Past fast Fourier transform (FFT) circuit architectures have remained relatively unchanged, being
either "memory-based" or "pipelined". Memory-based designs are typically
slow and pipelined designs, which are obtained from different permutations of
the signal flow graph and mappings thereof, lead to inherent circuit
irregularities which compromises functionality and performance.
Centar's design is also memory-based, but is architecturally very
different than traditional memory-based approaches as can be seen below.
Here a traditional high-performance memory-based design (a) is shown to
consist of (usually) large arithmetic units, where typically butterfly
computations are performed, connected to an array of memories. The
difficulty in such designs is to sequence data to/from the memories in such
a way that available bandwidth is maximized. Alternatively, the Centar's
circuit does the same thing, but at a finer level of granularity. From (b)
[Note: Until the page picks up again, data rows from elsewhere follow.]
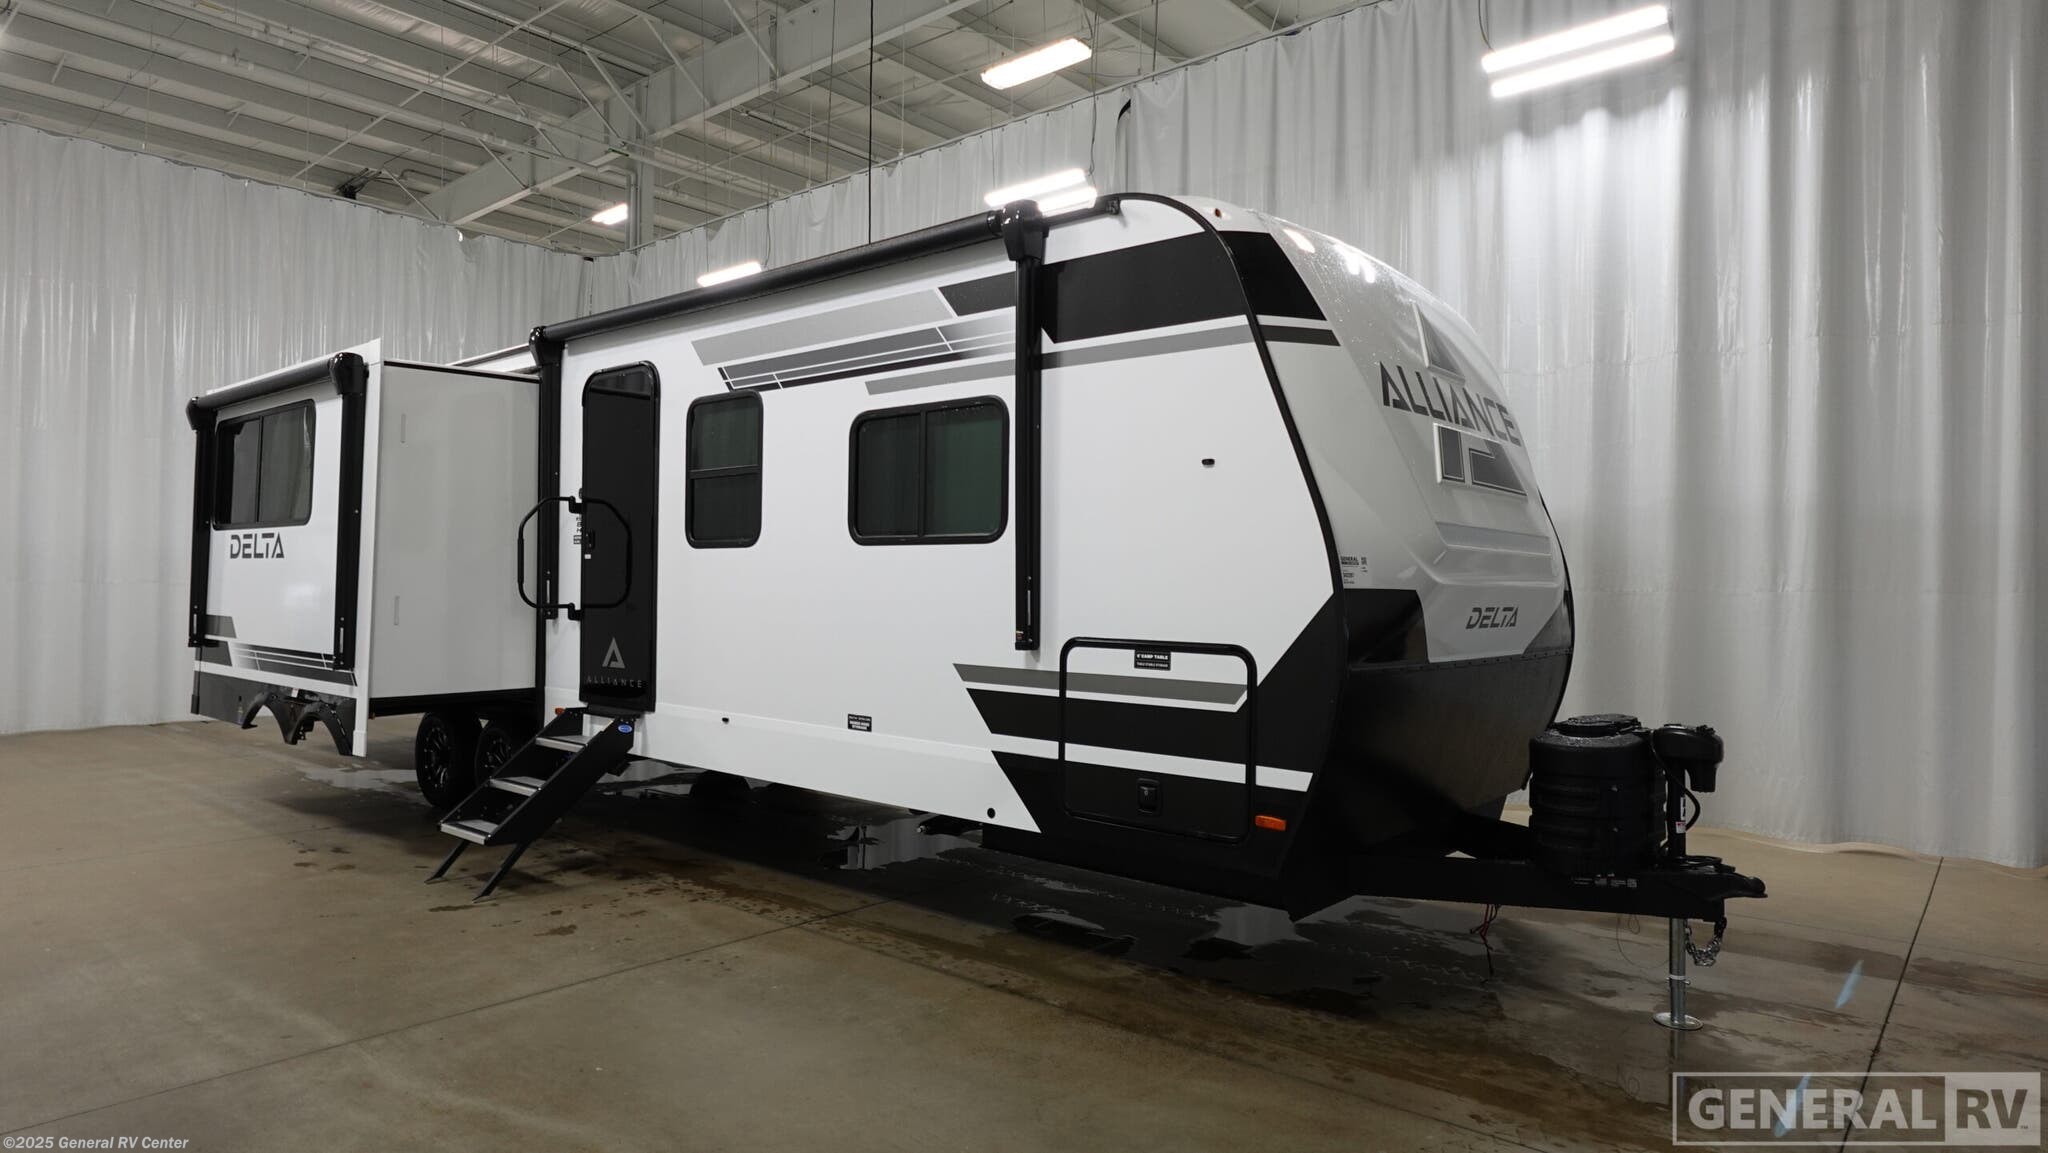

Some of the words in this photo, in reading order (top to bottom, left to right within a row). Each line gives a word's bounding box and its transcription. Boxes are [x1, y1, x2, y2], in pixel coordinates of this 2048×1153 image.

[1380, 361, 1521, 447] ALLIANCE
[230, 532, 285, 559] DELTA
[1465, 606, 1519, 630] DELTA
[586, 675, 642, 688] ALLIANCE
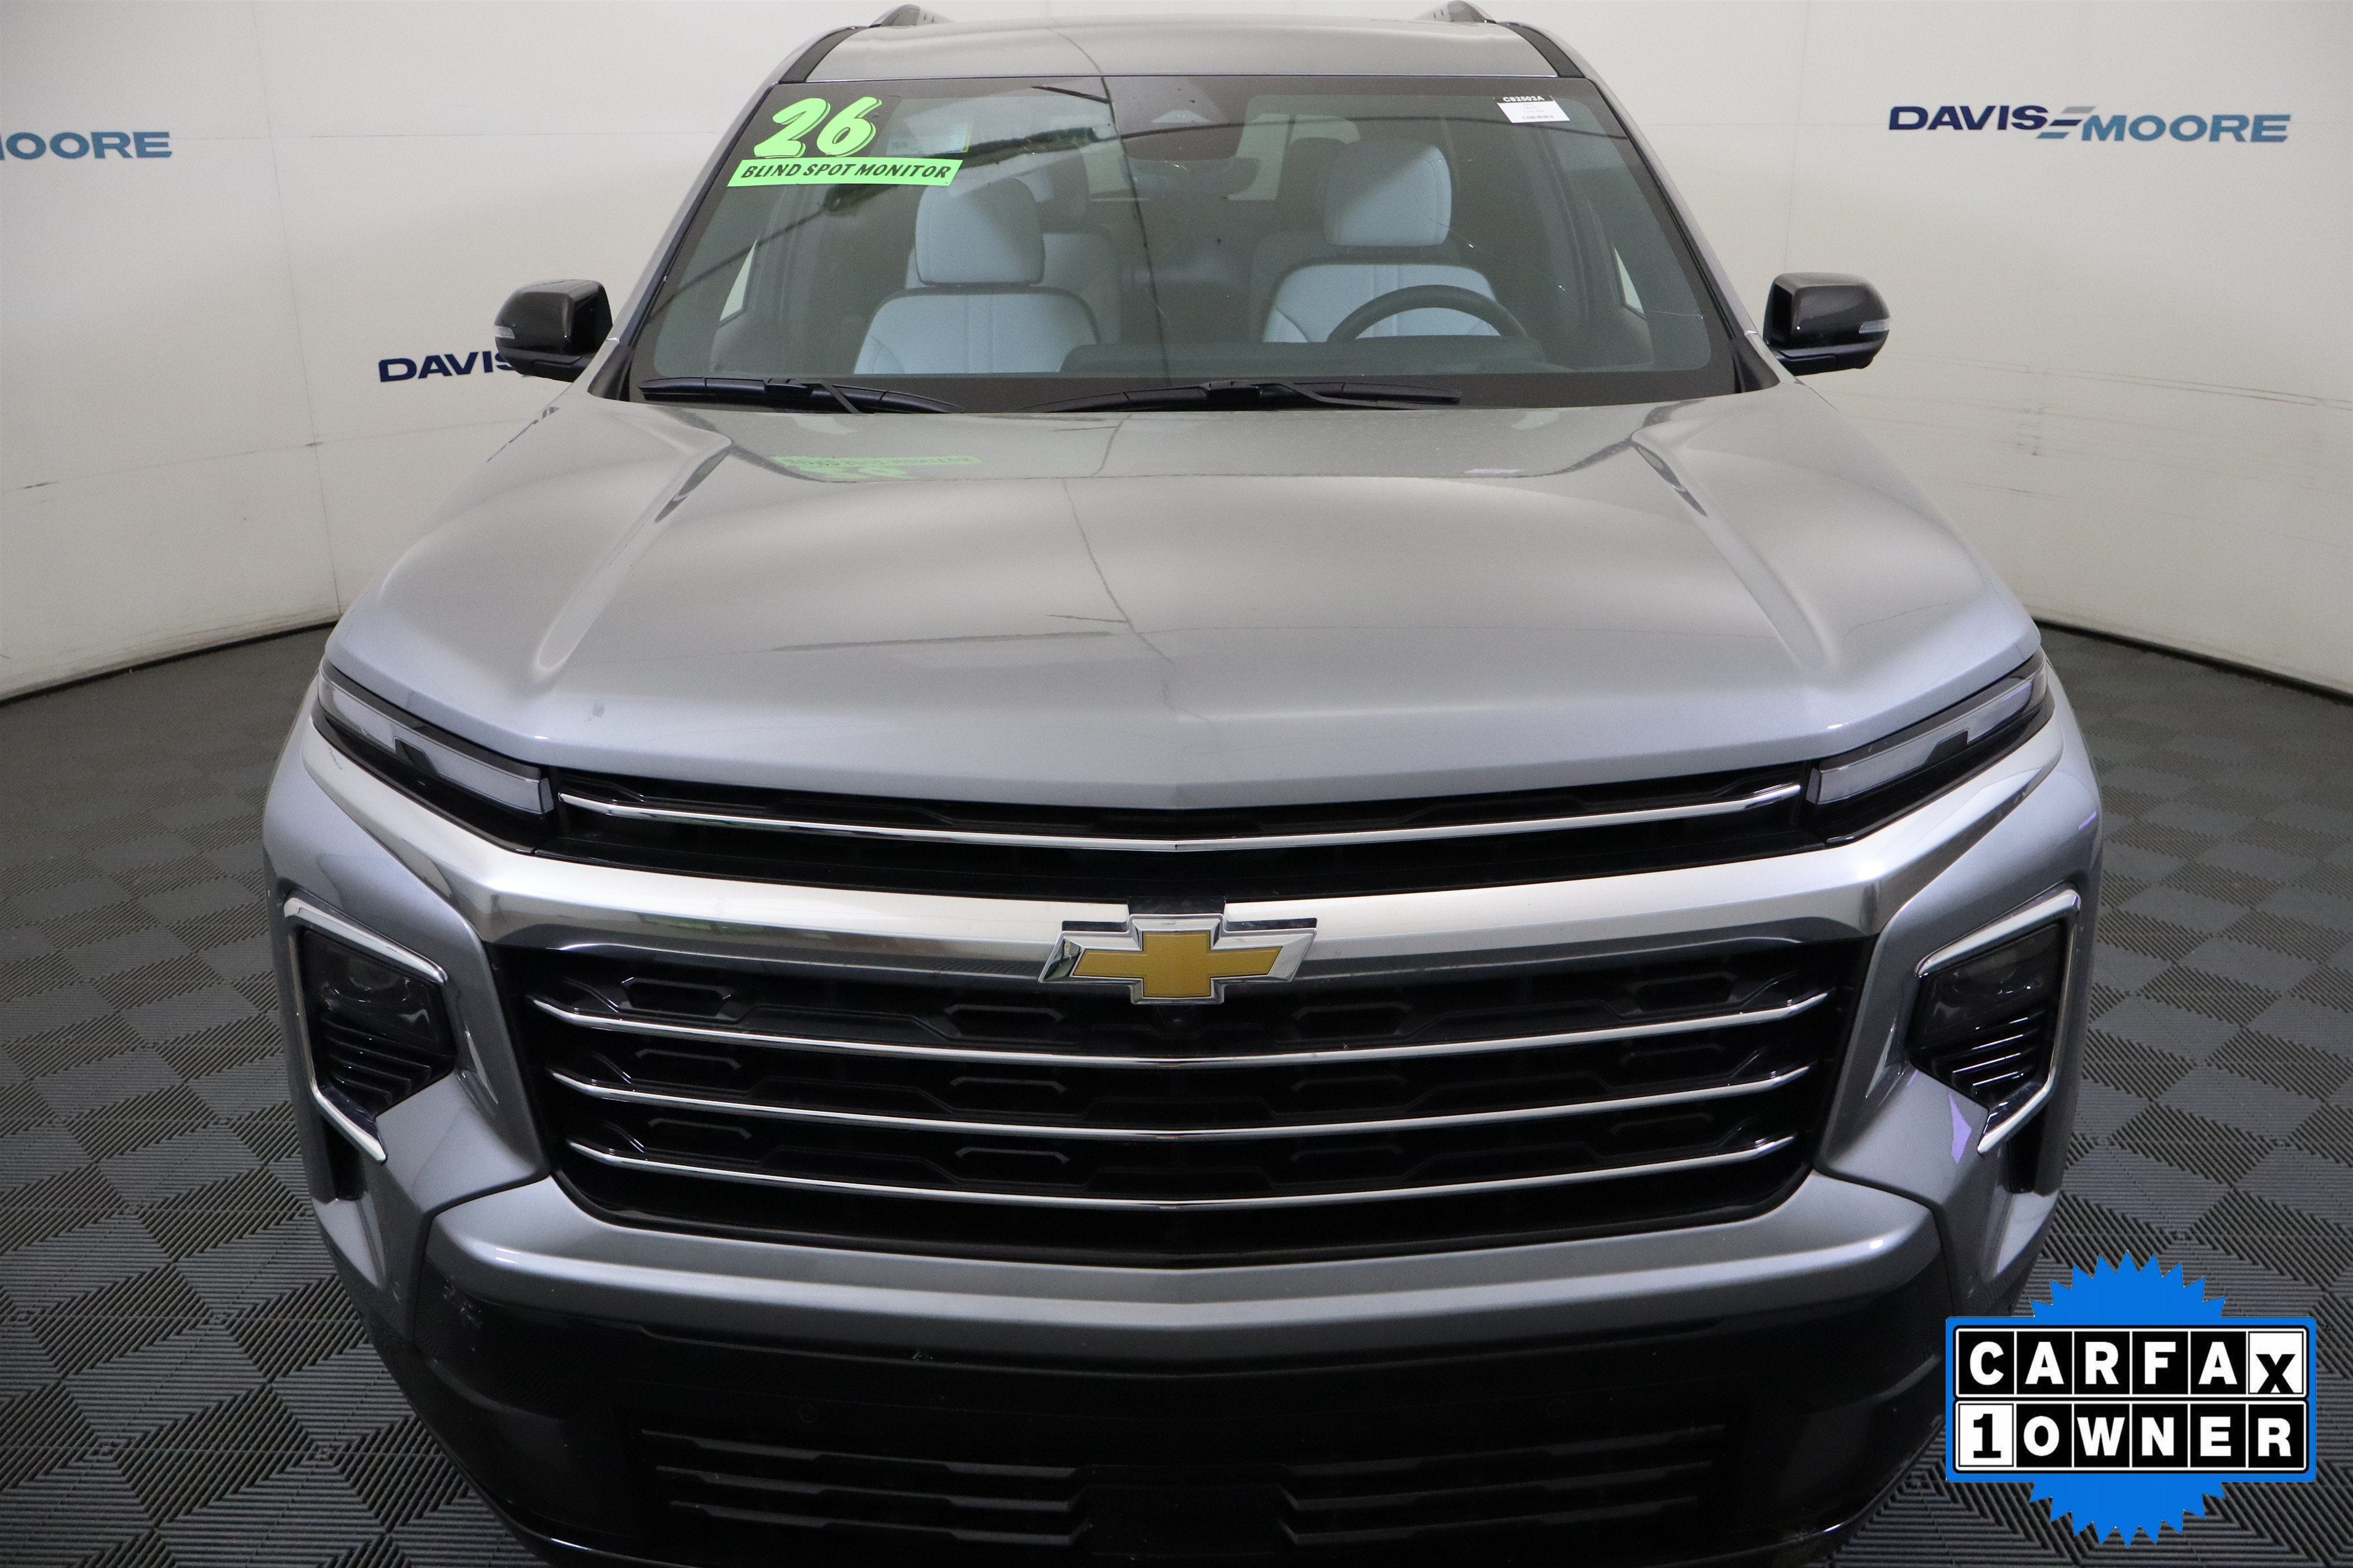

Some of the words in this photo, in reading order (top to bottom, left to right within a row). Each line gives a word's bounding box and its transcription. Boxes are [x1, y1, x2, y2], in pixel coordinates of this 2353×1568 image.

[753, 96, 882, 158] 26
[1888, 105, 2050, 130] DAVIS
[2081, 114, 2292, 142] MOORE
[0, 132, 172, 160] OORE
[740, 164, 801, 179] BLIND
[802, 163, 855, 176] SPOT
[854, 164, 951, 179] MONITOR
it is seen to consist of many very small processing elements (PEs), each
containing a multiplier/adder and a few registers. Each PE reads and writes
to a typically small memory and aggregate bandwidth is limited only by the
number of PEs. This scalability means that high bandwidths, and thus
performance, are achieved by simply increasing the array size. It is
much more difficult to do the same for traditional memory based designs based on (a). As a result:
- Throughputs are much higher than other FFT circuits that use equivalent or more hardware resources due to
- Very high clock speeds (>500MHz in 65nm FPGA technology) that result from
interconnects which are entirely local, reducing parasitic routing capacitances
- A high degree of data parallelism
- Less than the usual N cycles per DFT block (algorithmic
- The circuit is programmable, a major difference when compared to traditional high performance parallel FFT designs. A non-power-of-two circuit can be programmed by entering parameter values into a single ROM memory and the number of different DFT sizes that can be supported is only limited by the size of this parameter memory.
- Dynamic range is higher than other fixed-point or block floating point FFT designs for a given word size because the computation is done using a combined block floating point and floating point architecture, e.g., a 1024-point 16-bit
(in/out) FFT provides a dynamic range of 94db.
- For non-streaming designs the latency can be approximately equal to the inverse throughput rate. In other words the time it takes to compute the first DFT in a series of DFT computations is roughly equal to the time it takes to compute each successive DFT. This is significant because most fast pipelined FFT engines have “startup” times of ~N cycles, where N is the transform size, making the first DFT computation twice as long.
- Faster transforms can be implemented without architectural changes by increasing the array size along one dimension or duplicating the array structure
- The same circuit architecture can directly perform small 2-D DFTs as well as 1-D DFTs.
- Interconnects are entirely local, significantly reducing parasitic routing capacitances to keep power dissipation low.
- The inherently linear structure of the FFT circuit is an excellent architectural match for the recent generation of high density FPGAs like the Vertex series from Xilinx and the Stratix series from Altera. Both of these chip types feature architectures also characterized by linear arrays of hardwired elements such as memories and multipliers.
- Small DFTs (less than 128-points) can be performed as efficiently as large FFTs.